WORK ITEM: Please give back all the records exactly, but keep the pictures out.

WORKING DATA:
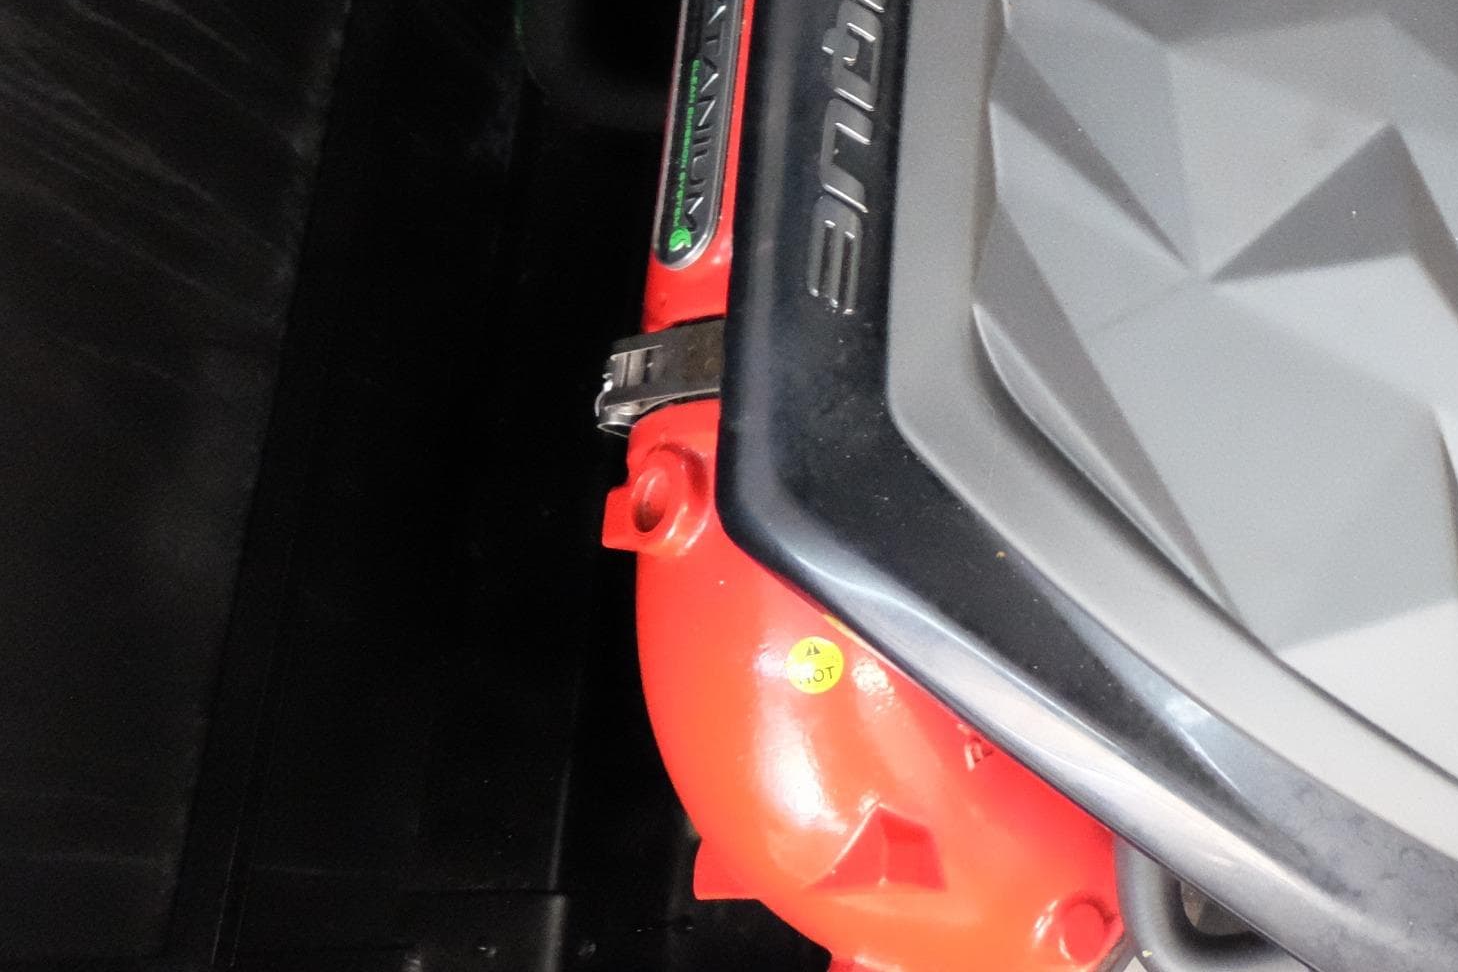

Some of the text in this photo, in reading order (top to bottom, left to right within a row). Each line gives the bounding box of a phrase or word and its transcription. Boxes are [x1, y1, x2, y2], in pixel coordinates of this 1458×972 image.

[673, 59, 700, 228] CLEAN EMISSION SYSTEM
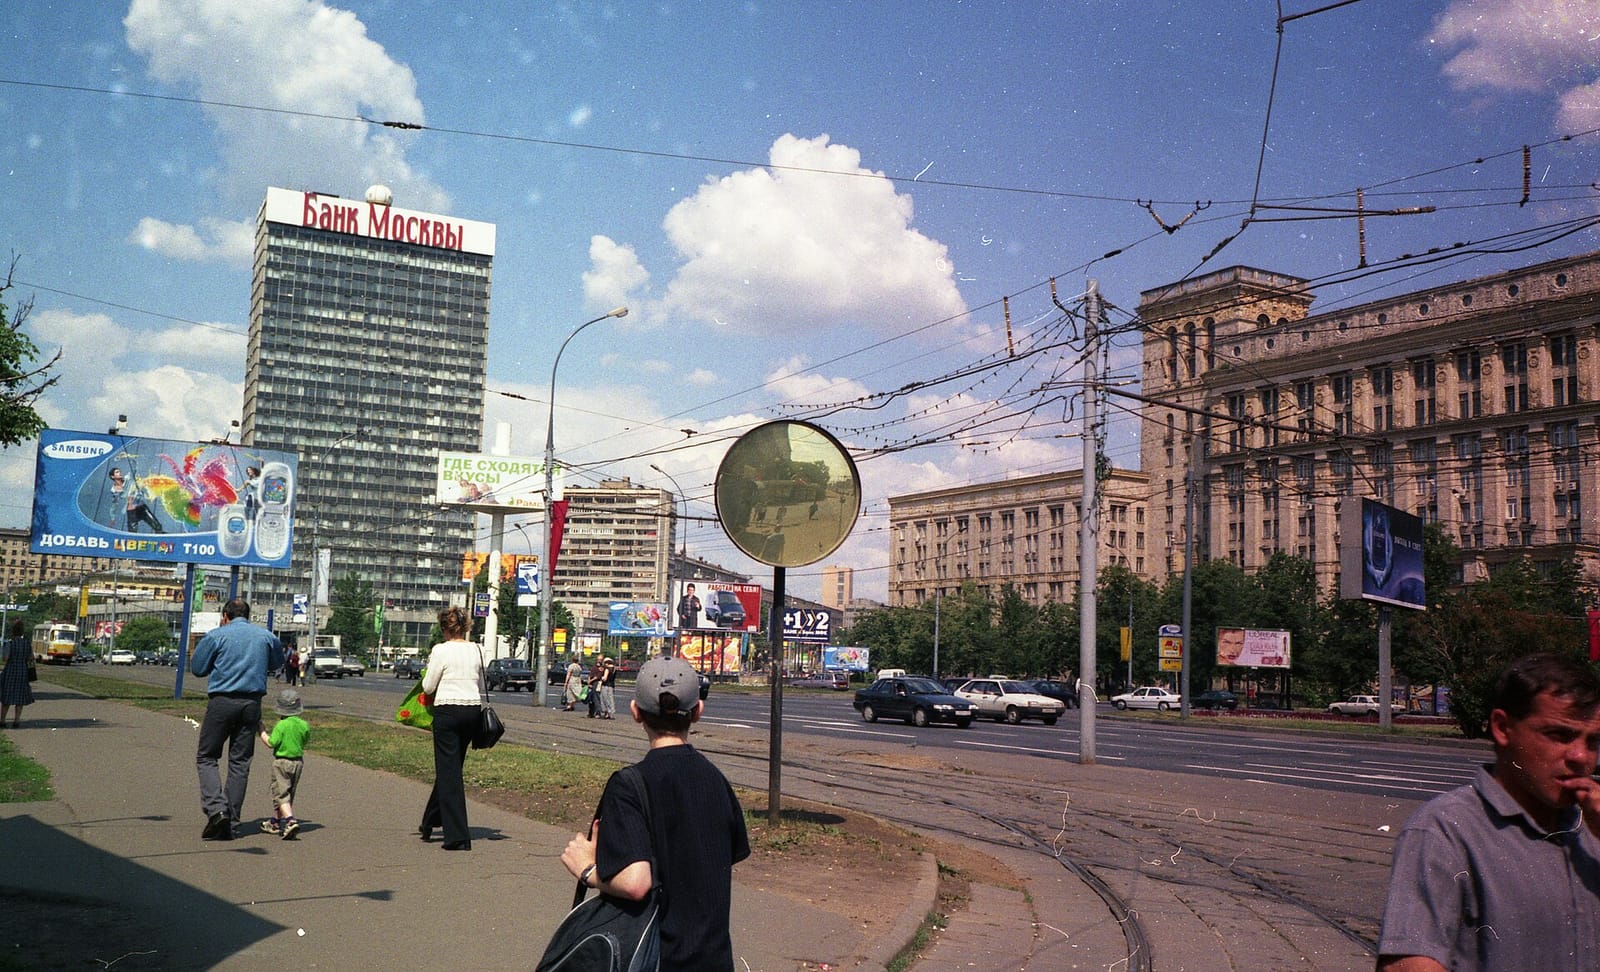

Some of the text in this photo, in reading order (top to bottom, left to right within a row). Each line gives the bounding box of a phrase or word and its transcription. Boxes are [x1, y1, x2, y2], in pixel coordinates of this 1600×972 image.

[303, 192, 463, 251] Банк Москвы
[51, 443, 105, 455] SAMSUNG
[444, 458, 472, 471] ГДЕ
[443, 470, 500, 483] ВКУСЫ
[516, 499, 544, 507] Рамс
[40, 534, 109, 548] ДОБАВЬ
[184, 543, 216, 556] T100
[816, 611, 829, 630] 2

EXERCISE ANSWER:
Some of the text in this photo, in reading order (top to bottom, left to right within a row). Each line gives the bounding box of a phrase or word and its transcription. Boxes are [x1, y1, x2, y2], in pixel coordinates of this 1458×972 image.

[673, 59, 700, 228] CLEAN EMISSION SYSTEM

Some of the text in this photo, in reading order (top to bottom, left to right within a row). Each line gives the bounding box of a phrase or word and its transcription. Boxes are [x1, y1, x2, y2], in pixel coordinates of this 1600×972 image.

[303, 192, 463, 251] Банк Москвы
[51, 443, 105, 455] SAMSUNG
[444, 458, 472, 471] ГДЕ
[443, 470, 500, 483] ВКУСЫ
[516, 499, 544, 507] Рамс
[40, 534, 109, 548] ДОБАВЬ
[184, 543, 216, 556] T100
[816, 611, 829, 630] 2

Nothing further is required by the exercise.